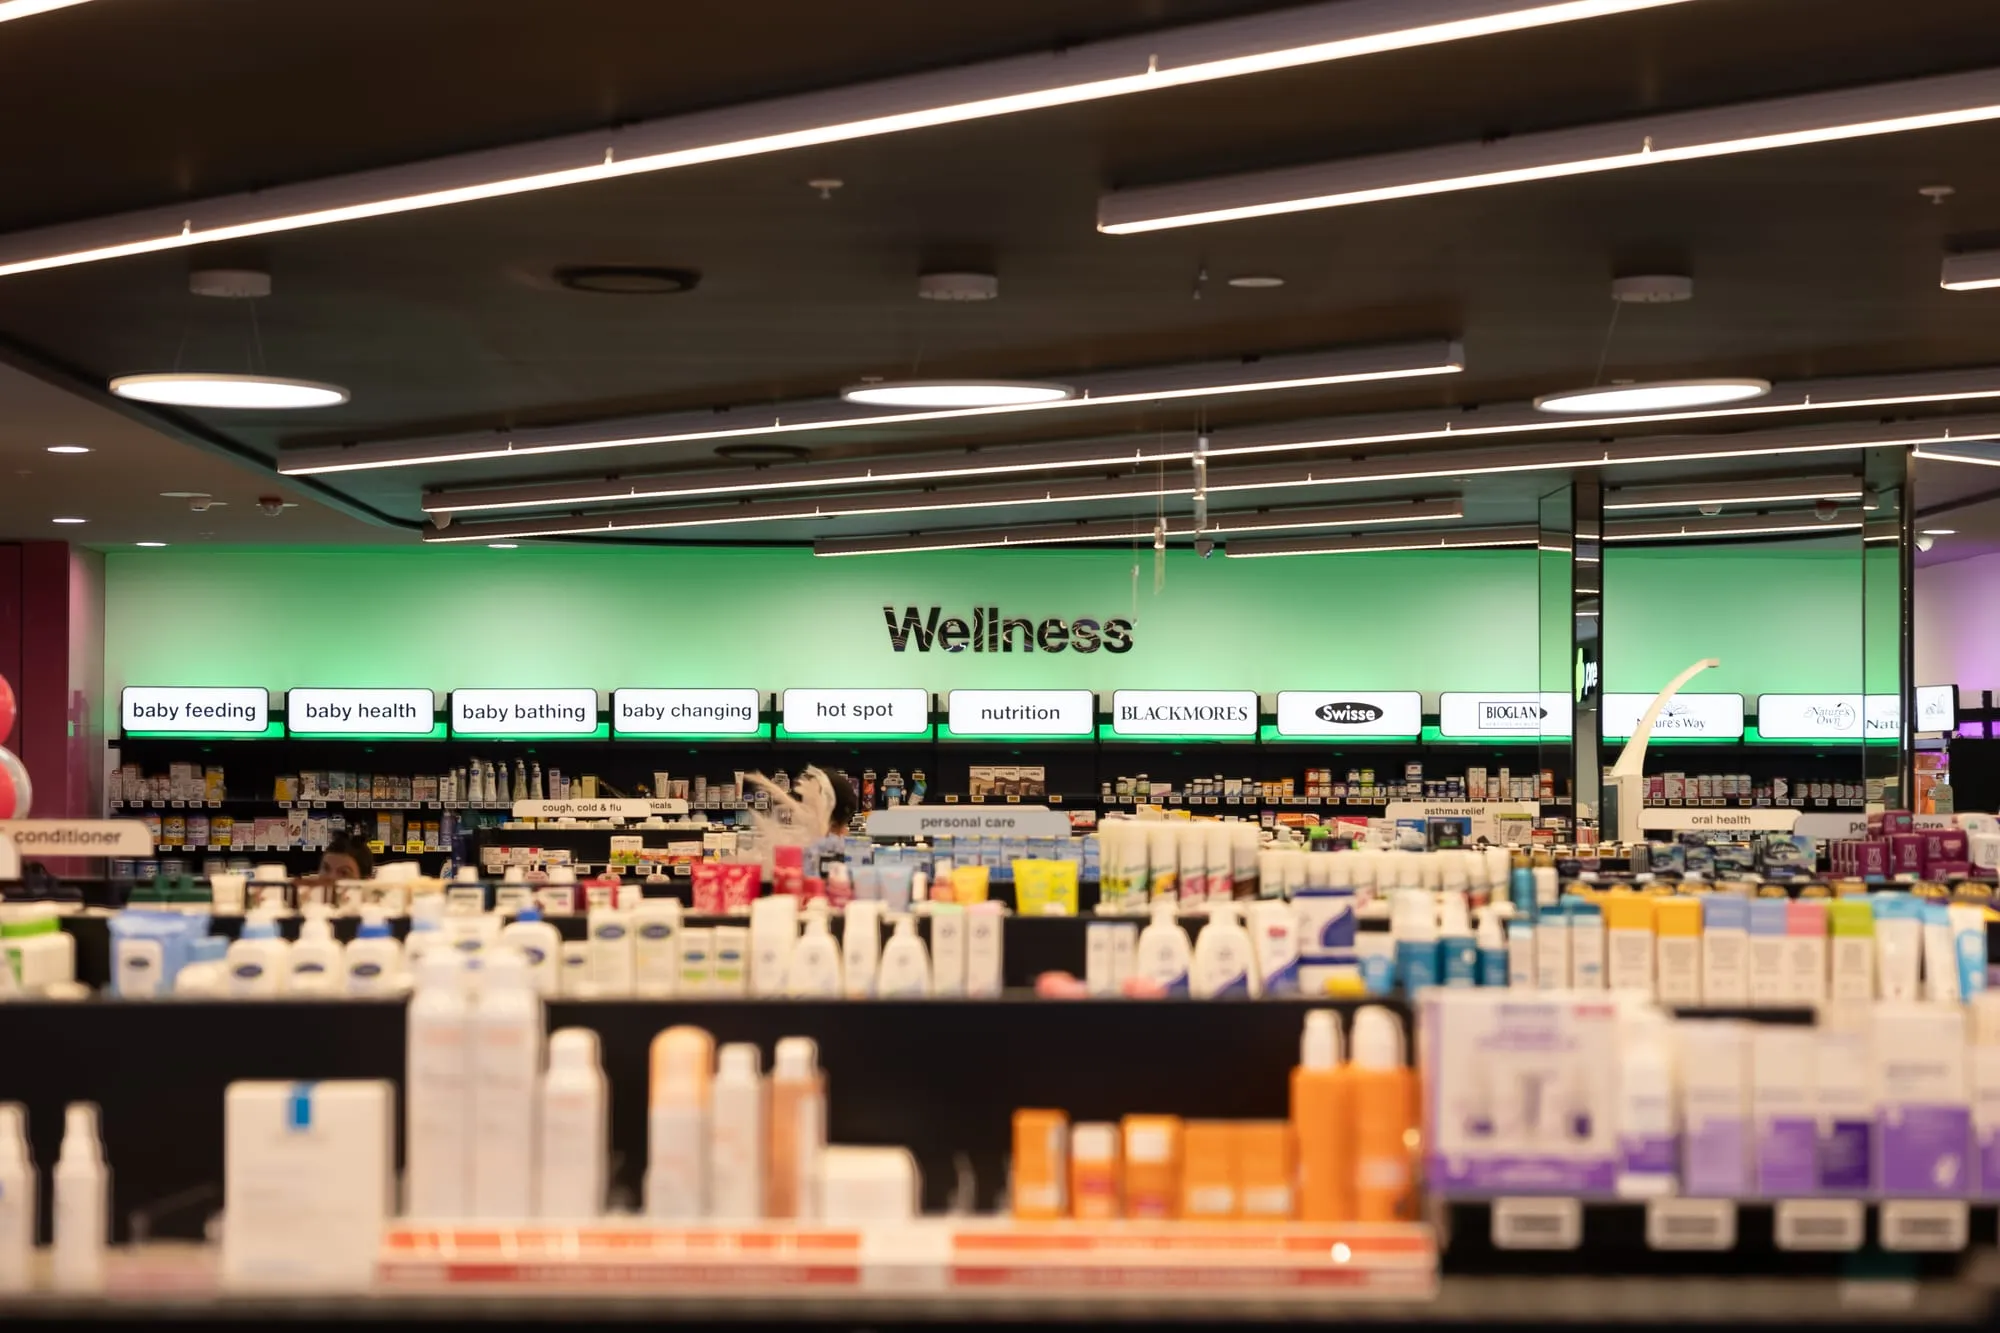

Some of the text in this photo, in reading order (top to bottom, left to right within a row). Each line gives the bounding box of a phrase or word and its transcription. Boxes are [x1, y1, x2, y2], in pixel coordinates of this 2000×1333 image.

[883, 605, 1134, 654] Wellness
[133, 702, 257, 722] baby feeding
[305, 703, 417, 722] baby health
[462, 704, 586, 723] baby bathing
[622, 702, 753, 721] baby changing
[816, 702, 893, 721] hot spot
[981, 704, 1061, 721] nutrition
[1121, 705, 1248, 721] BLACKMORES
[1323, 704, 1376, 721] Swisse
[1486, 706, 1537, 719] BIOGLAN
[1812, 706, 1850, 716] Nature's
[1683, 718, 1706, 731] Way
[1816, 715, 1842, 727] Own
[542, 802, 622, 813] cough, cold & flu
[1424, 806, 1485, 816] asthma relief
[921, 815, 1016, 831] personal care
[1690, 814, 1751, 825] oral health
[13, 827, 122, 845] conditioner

- _Task to complete_: Could you write out the records again exactly, omitting each image?

- _Expected answer_:
Some of the text in this photo, in reading order (top to bottom, left to right within a row). Each line gives the bounding box of a phrase or word and its transcription. Boxes are [x1, y1, x2, y2], in pixel coordinates of this 2000×1333 image.

[883, 605, 1134, 654] Wellness
[133, 702, 257, 722] baby feeding
[305, 703, 417, 722] baby health
[462, 704, 586, 723] baby bathing
[622, 702, 753, 721] baby changing
[816, 702, 893, 721] hot spot
[981, 704, 1061, 721] nutrition
[1121, 705, 1248, 721] BLACKMORES
[1323, 704, 1376, 721] Swisse
[1486, 706, 1537, 719] BIOGLAN
[1812, 706, 1850, 716] Nature's
[1683, 718, 1706, 731] Way
[1816, 715, 1842, 727] Own
[542, 802, 622, 813] cough, cold & flu
[1424, 806, 1485, 816] asthma relief
[921, 815, 1016, 831] personal care
[1690, 814, 1751, 825] oral health
[13, 827, 122, 845] conditioner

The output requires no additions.